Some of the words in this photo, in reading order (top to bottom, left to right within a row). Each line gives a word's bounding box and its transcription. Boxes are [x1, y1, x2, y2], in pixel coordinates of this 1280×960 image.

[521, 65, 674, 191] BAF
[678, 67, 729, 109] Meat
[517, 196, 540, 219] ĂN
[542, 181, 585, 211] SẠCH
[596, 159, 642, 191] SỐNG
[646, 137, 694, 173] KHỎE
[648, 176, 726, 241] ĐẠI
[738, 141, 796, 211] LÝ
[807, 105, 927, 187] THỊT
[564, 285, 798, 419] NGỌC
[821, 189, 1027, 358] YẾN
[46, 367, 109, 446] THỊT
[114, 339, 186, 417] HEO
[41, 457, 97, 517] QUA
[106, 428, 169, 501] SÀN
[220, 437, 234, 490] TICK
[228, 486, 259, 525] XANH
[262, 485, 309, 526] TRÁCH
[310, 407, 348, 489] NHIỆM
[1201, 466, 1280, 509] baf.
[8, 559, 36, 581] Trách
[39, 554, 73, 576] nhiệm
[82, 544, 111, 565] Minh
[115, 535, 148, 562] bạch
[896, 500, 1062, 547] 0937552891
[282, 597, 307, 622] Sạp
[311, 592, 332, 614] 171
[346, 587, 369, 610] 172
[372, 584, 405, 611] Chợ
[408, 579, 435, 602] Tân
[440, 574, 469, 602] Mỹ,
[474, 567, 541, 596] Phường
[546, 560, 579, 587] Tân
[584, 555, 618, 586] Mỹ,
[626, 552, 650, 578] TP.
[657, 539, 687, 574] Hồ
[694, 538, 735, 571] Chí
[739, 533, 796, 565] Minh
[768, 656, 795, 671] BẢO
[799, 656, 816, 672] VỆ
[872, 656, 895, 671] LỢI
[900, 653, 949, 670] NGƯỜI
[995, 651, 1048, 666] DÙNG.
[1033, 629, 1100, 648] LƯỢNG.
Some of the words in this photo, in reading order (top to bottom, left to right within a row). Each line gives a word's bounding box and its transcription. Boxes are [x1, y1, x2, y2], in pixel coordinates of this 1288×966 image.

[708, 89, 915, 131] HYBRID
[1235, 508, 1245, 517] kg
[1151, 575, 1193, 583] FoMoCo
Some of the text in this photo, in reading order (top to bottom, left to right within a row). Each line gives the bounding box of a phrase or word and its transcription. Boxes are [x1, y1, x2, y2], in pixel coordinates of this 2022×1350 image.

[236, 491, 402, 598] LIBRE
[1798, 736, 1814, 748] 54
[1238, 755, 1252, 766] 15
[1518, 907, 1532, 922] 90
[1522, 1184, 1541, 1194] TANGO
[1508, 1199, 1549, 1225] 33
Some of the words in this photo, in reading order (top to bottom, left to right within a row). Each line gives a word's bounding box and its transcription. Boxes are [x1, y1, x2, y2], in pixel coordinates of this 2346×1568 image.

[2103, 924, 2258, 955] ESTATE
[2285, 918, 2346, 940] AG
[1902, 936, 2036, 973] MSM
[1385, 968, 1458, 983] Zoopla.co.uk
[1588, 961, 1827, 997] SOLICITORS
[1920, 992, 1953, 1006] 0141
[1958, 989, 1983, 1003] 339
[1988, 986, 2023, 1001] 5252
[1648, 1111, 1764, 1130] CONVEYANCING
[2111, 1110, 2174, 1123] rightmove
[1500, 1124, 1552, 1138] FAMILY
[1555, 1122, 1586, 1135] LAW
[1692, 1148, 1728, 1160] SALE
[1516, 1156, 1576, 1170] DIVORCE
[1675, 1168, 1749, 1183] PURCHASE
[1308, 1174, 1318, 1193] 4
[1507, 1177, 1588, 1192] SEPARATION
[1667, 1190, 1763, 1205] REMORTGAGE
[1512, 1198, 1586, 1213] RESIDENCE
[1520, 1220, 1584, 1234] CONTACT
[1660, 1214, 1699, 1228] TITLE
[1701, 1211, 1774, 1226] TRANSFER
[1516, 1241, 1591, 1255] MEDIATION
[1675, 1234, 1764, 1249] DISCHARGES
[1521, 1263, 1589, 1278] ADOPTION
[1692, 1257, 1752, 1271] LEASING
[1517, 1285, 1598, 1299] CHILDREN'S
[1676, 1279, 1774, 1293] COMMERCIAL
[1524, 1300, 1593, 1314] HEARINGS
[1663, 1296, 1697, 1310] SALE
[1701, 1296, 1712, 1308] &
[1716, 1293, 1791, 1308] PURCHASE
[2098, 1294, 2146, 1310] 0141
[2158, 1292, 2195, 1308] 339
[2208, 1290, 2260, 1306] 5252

Exercise objective >>
A complete, exact copy of the entries above is what is wanted.

Response to the task >>
Some of the words in this photo, in reading order (top to bottom, left to right within a row). Each line gives a word's bounding box and its transcription. Boxes are [x1, y1, x2, y2], in pixel coordinates of this 1280×960 image.

[521, 65, 674, 191] BAF
[678, 67, 729, 109] Meat
[517, 196, 540, 219] ĂN
[542, 181, 585, 211] SẠCH
[596, 159, 642, 191] SỐNG
[646, 137, 694, 173] KHỎE
[648, 176, 726, 241] ĐẠI
[738, 141, 796, 211] LÝ
[807, 105, 927, 187] THỊT
[564, 285, 798, 419] NGỌC
[821, 189, 1027, 358] YẾN
[46, 367, 109, 446] THỊT
[114, 339, 186, 417] HEO
[41, 457, 97, 517] QUA
[106, 428, 169, 501] SÀN
[220, 437, 234, 490] TICK
[228, 486, 259, 525] XANH
[262, 485, 309, 526] TRÁCH
[310, 407, 348, 489] NHIỆM
[1201, 466, 1280, 509] baf.
[8, 559, 36, 581] Trách
[39, 554, 73, 576] nhiệm
[82, 544, 111, 565] Minh
[115, 535, 148, 562] bạch
[896, 500, 1062, 547] 0937552891
[282, 597, 307, 622] Sạp
[311, 592, 332, 614] 171
[346, 587, 369, 610] 172
[372, 584, 405, 611] Chợ
[408, 579, 435, 602] Tân
[440, 574, 469, 602] Mỹ,
[474, 567, 541, 596] Phường
[546, 560, 579, 587] Tân
[584, 555, 618, 586] Mỹ,
[626, 552, 650, 578] TP.
[657, 539, 687, 574] Hồ
[694, 538, 735, 571] Chí
[739, 533, 796, 565] Minh
[768, 656, 795, 671] BẢO
[799, 656, 816, 672] VỆ
[872, 656, 895, 671] LỢI
[900, 653, 949, 670] NGƯỜI
[995, 651, 1048, 666] DÙNG.
[1033, 629, 1100, 648] LƯỢNG.
Some of the words in this photo, in reading order (top to bottom, left to right within a row). Each line gives a word's bounding box and its transcription. Boxes are [x1, y1, x2, y2], in pixel coordinates of this 1288×966 image.

[708, 89, 915, 131] HYBRID
[1235, 508, 1245, 517] kg
[1151, 575, 1193, 583] FoMoCo
Some of the text in this photo, in reading order (top to bottom, left to right within a row). Each line gives the bounding box of a phrase or word and its transcription. Boxes are [x1, y1, x2, y2], in pixel coordinates of this 2022×1350 image.

[236, 491, 402, 598] LIBRE
[1798, 736, 1814, 748] 54
[1238, 755, 1252, 766] 15
[1518, 907, 1532, 922] 90
[1522, 1184, 1541, 1194] TANGO
[1508, 1199, 1549, 1225] 33
Some of the words in this photo, in reading order (top to bottom, left to right within a row). Each line gives a word's bounding box and its transcription. Boxes are [x1, y1, x2, y2], in pixel coordinates of this 2346×1568 image.

[2103, 924, 2258, 955] ESTATE
[2285, 918, 2346, 940] AG
[1902, 936, 2036, 973] MSM
[1385, 968, 1458, 983] Zoopla.co.uk
[1588, 961, 1827, 997] SOLICITORS
[1920, 992, 1953, 1006] 0141
[1958, 989, 1983, 1003] 339
[1988, 986, 2023, 1001] 5252
[1648, 1111, 1764, 1130] CONVEYANCING
[2111, 1110, 2174, 1123] rightmove
[1500, 1124, 1552, 1138] FAMILY
[1555, 1122, 1586, 1135] LAW
[1692, 1148, 1728, 1160] SALE
[1516, 1156, 1576, 1170] DIVORCE
[1675, 1168, 1749, 1183] PURCHASE
[1308, 1174, 1318, 1193] 4
[1507, 1177, 1588, 1192] SEPARATION
[1667, 1190, 1763, 1205] REMORTGAGE
[1512, 1198, 1586, 1213] RESIDENCE
[1520, 1220, 1584, 1234] CONTACT
[1660, 1214, 1699, 1228] TITLE
[1701, 1211, 1774, 1226] TRANSFER
[1516, 1241, 1591, 1255] MEDIATION
[1675, 1234, 1764, 1249] DISCHARGES
[1521, 1263, 1589, 1278] ADOPTION
[1692, 1257, 1752, 1271] LEASING
[1517, 1285, 1598, 1299] CHILDREN'S
[1676, 1279, 1774, 1293] COMMERCIAL
[1524, 1300, 1593, 1314] HEARINGS
[1663, 1296, 1697, 1310] SALE
[1701, 1296, 1712, 1308] &
[1716, 1293, 1791, 1308] PURCHASE
[2098, 1294, 2146, 1310] 0141
[2158, 1292, 2195, 1308] 339
[2208, 1290, 2260, 1306] 5252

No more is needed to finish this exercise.